La PEB n’a pas seulement tendance à influencer les prix de vente, mais aussi ceux des locations ces dernières années. Comme les acheteurs, les locataires sont sensibles aux performances énergétiques, les biens avec les meilleurs certificats PEB ont donc plus de succès sur le marché. “Ces logements se louent plus facilement et fidélisent les occupants grâce à leurs charges généralement moins élevées”, explique Jean Houtart. “En location, la PEB a peut-être encore plus d’importance qu’en vente car les locataires ont peu de possibilités de faire des travaux dans le bien.” Olivier Bourcart remarque ainsi que certains locataires sont prêts à payer 100 euros de loyer en plus pour un bien avec un bon score PEB. A l’inverse, des corrections à la baisse ont lieu dans certains logements particulièrement énergivores. “La négociation est plutôt rare dans le secteur de la location mais elle devient parfois nécessaire, précise Olivier Bourcart. Dernièrement, on a par exemple réajusté des loyers parce que le montant des charges était devenu très élevé.”

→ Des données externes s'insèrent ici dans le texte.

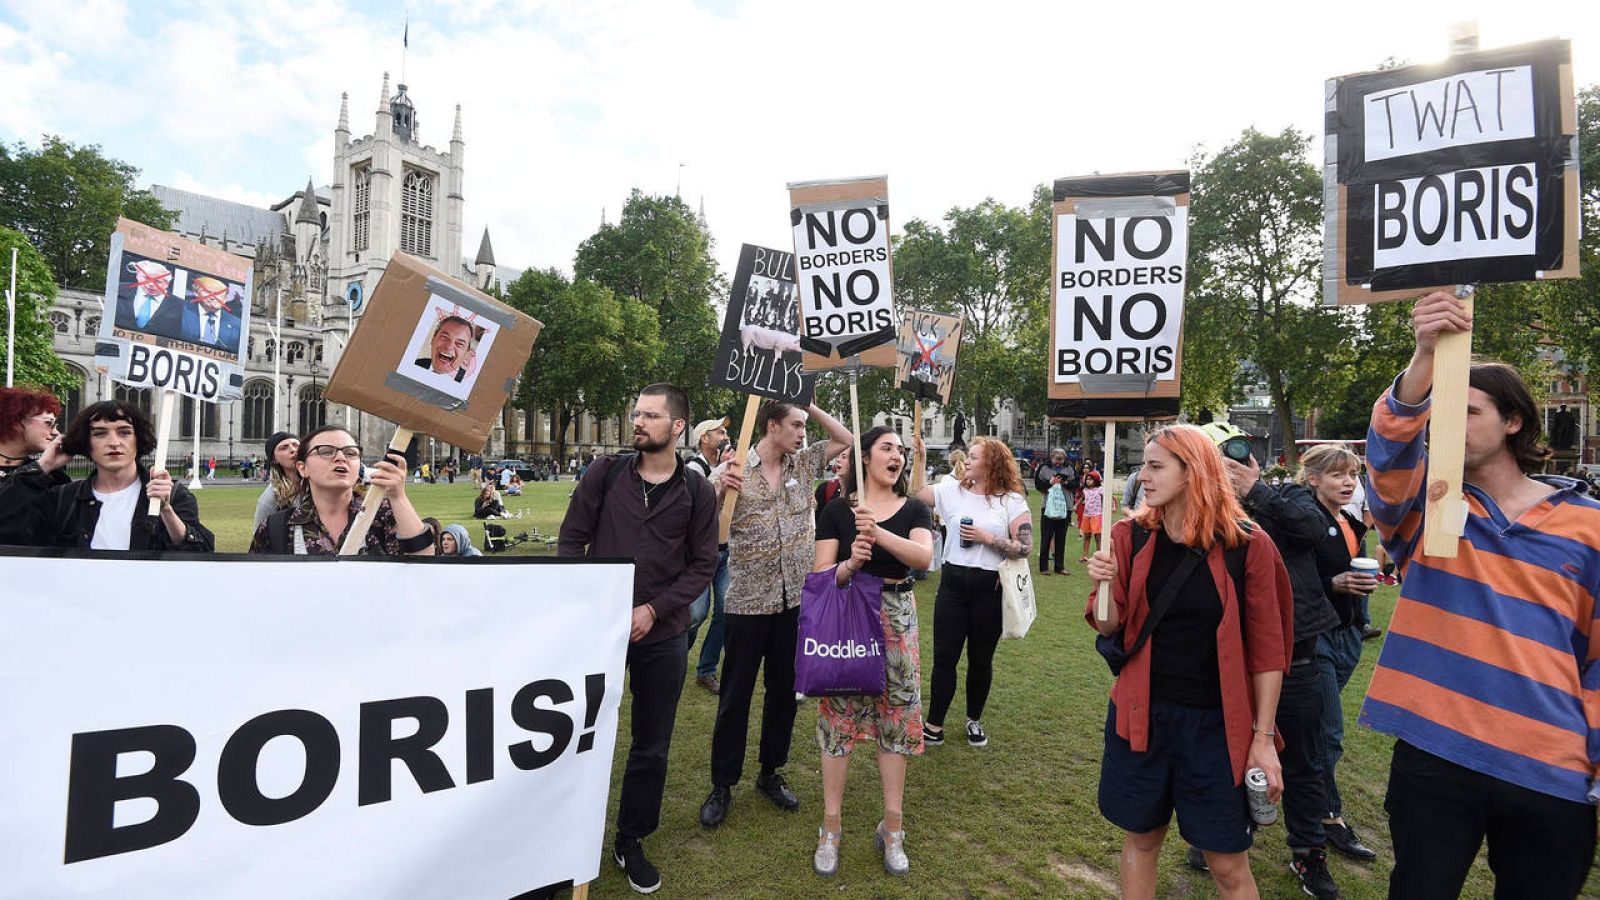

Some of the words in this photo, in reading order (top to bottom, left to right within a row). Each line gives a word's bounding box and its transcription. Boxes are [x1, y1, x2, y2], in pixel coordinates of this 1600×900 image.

Pour les propriétaires qui mettent leur bien en location (ou même en vente), le verdict d’un mauvais certificat PEB est souvent mal accueilli, d’autant plus que les trois Régions du pays ont pris des mesures pour empêcher ou limiter l’indexation des loyers des passoires énergétiques (lire en pages 22-23). La PEB devrait bientôt également entraîner plus d’obligations pour les acheteurs, comme c’est déjà le cas en Flandre où les acquéreurs d’un bien avec une PEB égale ou supérieure à E disposent de cinq années pour atteindre un label D (lire en page 81). La performance énergétique des bâtiments risque donc de peser encore plus dans le marché immobilier à l’avenir, mais ne lui accorde-t-on pas déjà trop d’importance? Pour Jean Houtart, la prise en compte du certificat PEB est justifiée: “Cela permet d’acheter ou de louer en âme et conscience, et vu l’urgence climatique, il faut en tenir compte. Il ne faudrait cependant pas que ça devienne le seul critère, notamment parce que certains biens comme les châteaux ou les constructions d’il y a 200-300 ans ne pourront jamais atteindre un bon niveau PEB.” L’administrateur délégué des Viviers souligne par ailleurs les nombreuses limites de ce certificat: “Il n’est pas précis comme un audit. Si par exemple, l’isolation du toit n’est pas visible et ne peut pas être prouvée par une facture, elle est considérée comme nulle”. Ce certificat n’est donc pas toujours parfaitement représentatif de la réalité, et Olivier Bourcart remarque que l’outil est très souvent mal compris. “Le fait qu’il existe une échelle par Région complique les choses et ridiculise le système, mais surtout beaucoup de personnes ne savent pas interpréter ce certificat. Parfois, peu de travaux suffisent pour qu’un bien gagne deux catégories sur le score PEB, c’est pourquoi il ne faut pas toujours s’arrêter à une lettre.”